§ **Task statement**
A word-for-word copy of the entries, with images excluded, is the expected answer.

(Stored data entries)
--------------------------------------------------

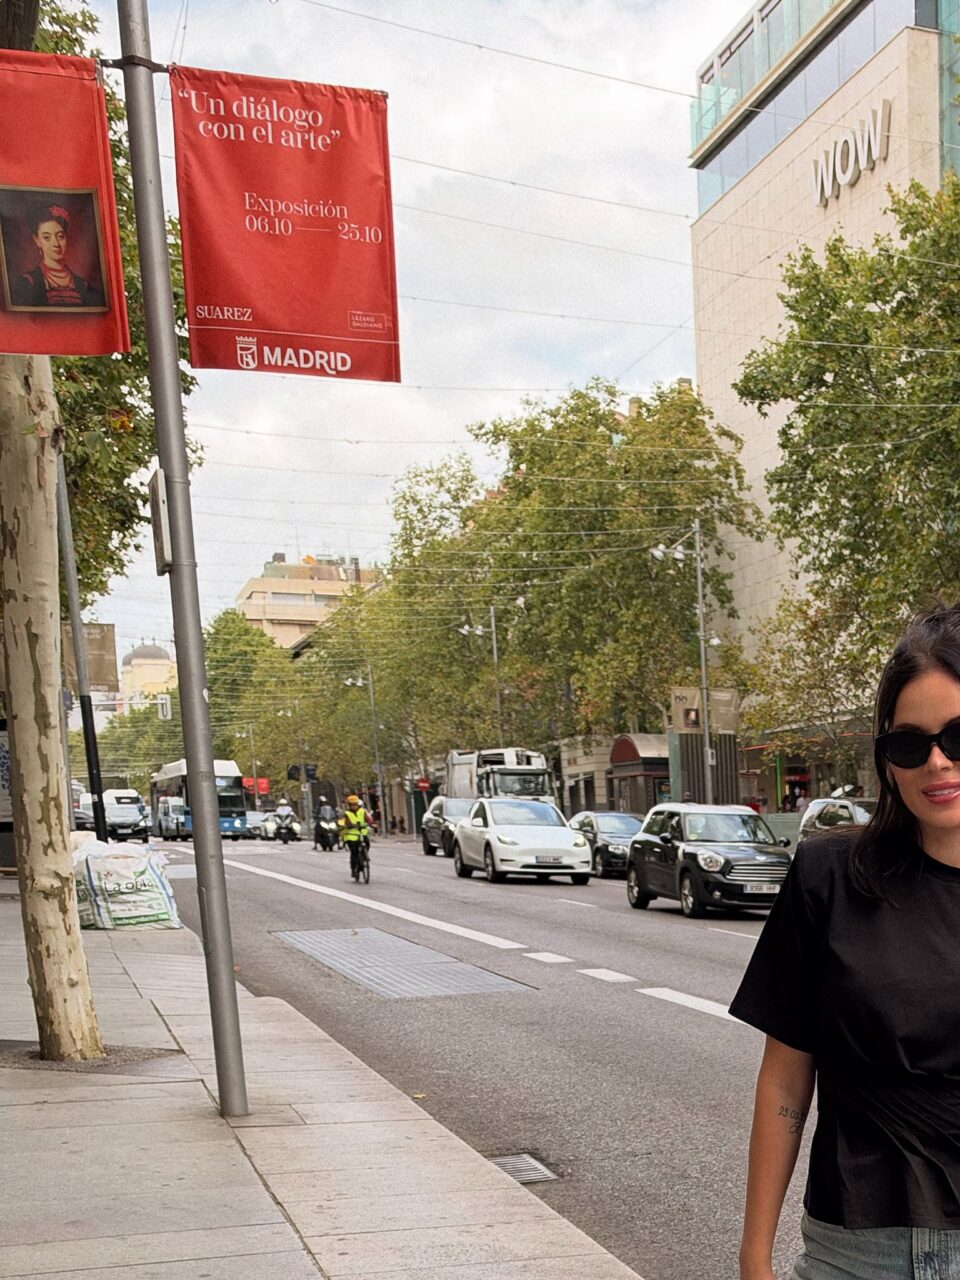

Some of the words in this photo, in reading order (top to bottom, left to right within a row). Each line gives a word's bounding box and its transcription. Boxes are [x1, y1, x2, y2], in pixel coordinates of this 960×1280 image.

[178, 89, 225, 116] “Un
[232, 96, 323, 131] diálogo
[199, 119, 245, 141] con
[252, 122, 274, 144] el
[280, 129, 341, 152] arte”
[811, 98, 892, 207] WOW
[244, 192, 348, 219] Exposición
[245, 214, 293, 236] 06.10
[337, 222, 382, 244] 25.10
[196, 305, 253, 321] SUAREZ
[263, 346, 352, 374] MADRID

--------------------------------------------------

§ **Answer section**
Some of the words in this photo, in reading order (top to bottom, left to right within a row). Each line gives a word's bounding box and its transcription. Boxes are [x1, y1, x2, y2], in pixel coordinates of this 960×1280 image.

[178, 89, 225, 116] “Un
[232, 96, 323, 131] diálogo
[199, 119, 245, 141] con
[252, 122, 274, 144] el
[280, 129, 341, 152] arte”
[811, 98, 892, 207] WOW
[244, 192, 348, 219] Exposición
[245, 214, 293, 236] 06.10
[337, 222, 382, 244] 25.10
[196, 305, 253, 321] SUAREZ
[263, 346, 352, 374] MADRID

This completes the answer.